_What you should do_: Each entry is to be retyped exactly as it appears, and each image is to be dropped.

##### Recorded information #####

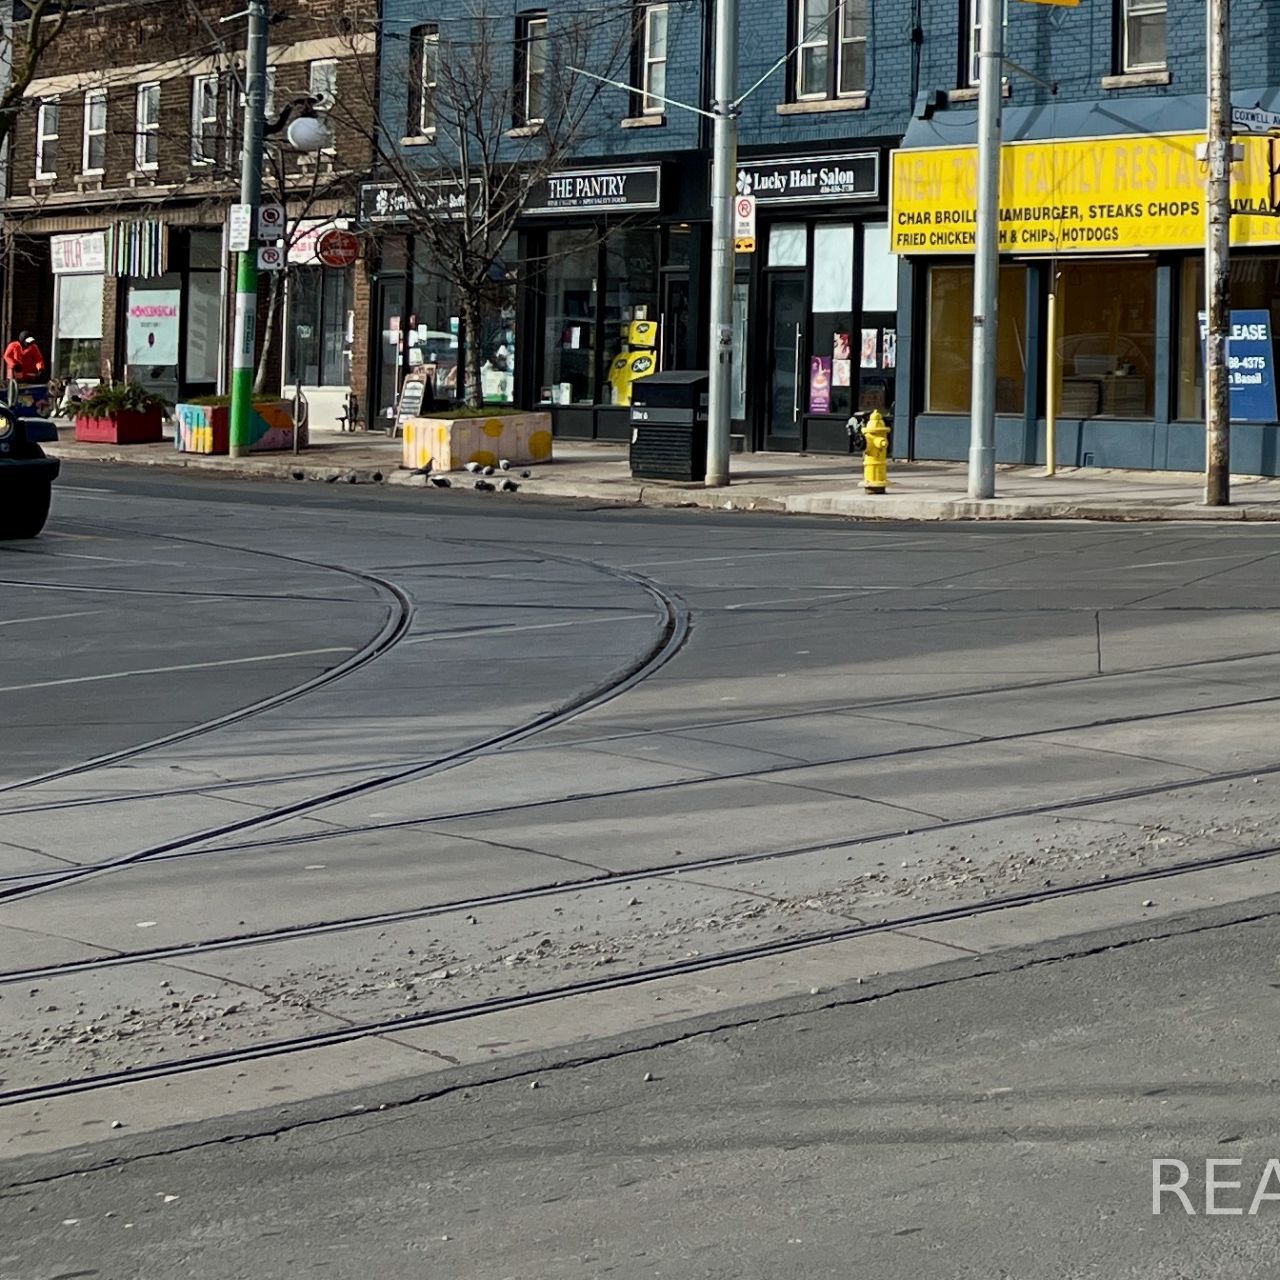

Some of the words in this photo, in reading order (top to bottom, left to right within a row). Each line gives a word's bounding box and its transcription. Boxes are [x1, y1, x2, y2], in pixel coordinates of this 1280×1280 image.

[1234, 109, 1270, 125] COXWELL
[548, 179, 574, 199] THE
[576, 175, 627, 198] PANTRY
[753, 171, 788, 193] Lucky
[790, 169, 818, 188] Hair
[819, 167, 855, 186] Salon
[952, 151, 1014, 200] TON
[898, 211, 931, 225] CHAR
[1088, 203, 1143, 219] STEAKS
[1149, 201, 1200, 217] CHOPS
[897, 231, 926, 246] FRIED
[1010, 229, 1017, 243] &
[1062, 226, 1119, 242] HOTDOGS
[1234, 372, 1262, 384] Bassil

#####

_Task output_:
Some of the words in this photo, in reading order (top to bottom, left to right within a row). Each line gives a word's bounding box and its transcription. Boxes are [x1, y1, x2, y2], in pixel coordinates of this 1280×1280 image.

[1234, 109, 1270, 125] COXWELL
[548, 179, 574, 199] THE
[576, 175, 627, 198] PANTRY
[753, 171, 788, 193] Lucky
[790, 169, 818, 188] Hair
[819, 167, 855, 186] Salon
[952, 151, 1014, 200] TON
[898, 211, 931, 225] CHAR
[1088, 203, 1143, 219] STEAKS
[1149, 201, 1200, 217] CHOPS
[897, 231, 926, 246] FRIED
[1010, 229, 1017, 243] &
[1062, 226, 1119, 242] HOTDOGS
[1234, 372, 1262, 384] Bassil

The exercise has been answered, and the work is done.